The transition from President Bush is getting more and more problematic as the American people continue to lose confidence in the Iraq War and step up their pressure on candidates from both parties. If no bipartisan consensus is reached before the Democratic and Republican primaries, the next President will likely be elected principally on a "Get Out of Iraq" platform. The political space to do otherwise is shrinking by the day.

Only one think tank of well-connected insiders, the Center for American Progress, has evolved from supporting US advisers to advocating their phaseout along with nearly all US troops by the end of 2008. CAP is led by Bill Clinton's former Chief of Staff John Podesta--who also sits on the board of his more hawkish rivals at the Center for New American Security. But the differences between these insider advocates could not be more stark: Leave the American troops engaged in the midst of a sectarian civil war, or bring them home in twelve months. The most interesting CAP proposal is for Congress to enforce the Leahy Amendment. Shortly after CAP issued its report advocating total withdrawal, the leaders of Congress's Out of Iraq Caucus (Representatives Maxine Waters, Barbara Lee and Lynn Woolsey) introduced HR 3134, which prohibits funding, training and transferring arms to the Iraqi security forces, and any militias or local forces, unless specifically authorized by Congress. Hearings on this legislation might uncover the bloody realities involved in the counterinsurgency campaign. If so, members of Congress who have been reluctant so far to end funding for the troops may be less willing to ratify taxes that abet secret prisons and Interior Ministry death squads.

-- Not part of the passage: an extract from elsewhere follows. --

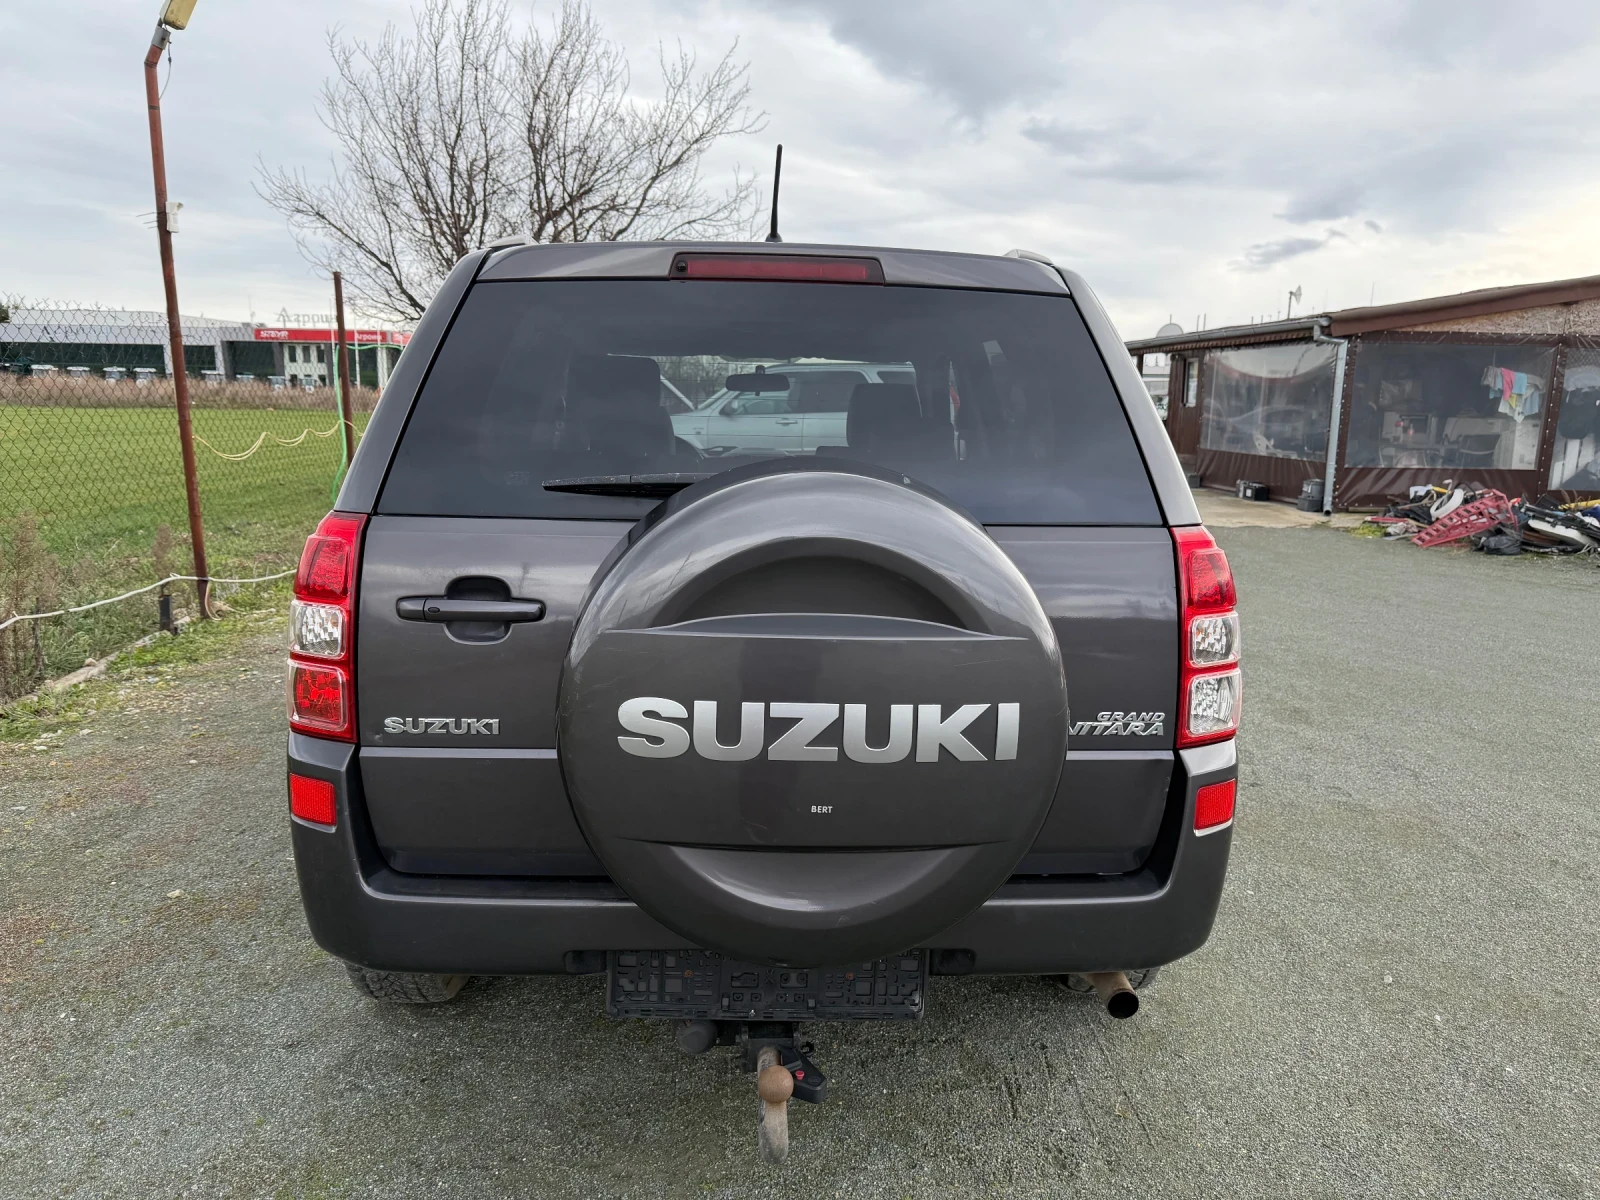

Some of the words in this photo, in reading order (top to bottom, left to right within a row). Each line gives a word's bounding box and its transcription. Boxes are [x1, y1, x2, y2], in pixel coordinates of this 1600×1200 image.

[1097, 712, 1165, 722] GRAND
[383, 716, 500, 735] SUZUKI
[617, 696, 1021, 763] SUZUKI
[811, 805, 833, 814] BERT

For those who can still get past the shame of death squads, as Harvard's Sewall seems to urge, and who still believe a better world lies ahead for Iraq under US tutelage, Congress could ask the Navaho and Ute to testify. These believers might then learn that the hidden shame behind the counterinsurgency in Iraq is the same one that has compromised America's identity for centuries.

About Tom Hayden

Tom Hayden, a former California state senator, is the author, most recently, of The Long Sixties: From 1960 to Barack Obama (Paradigm). more...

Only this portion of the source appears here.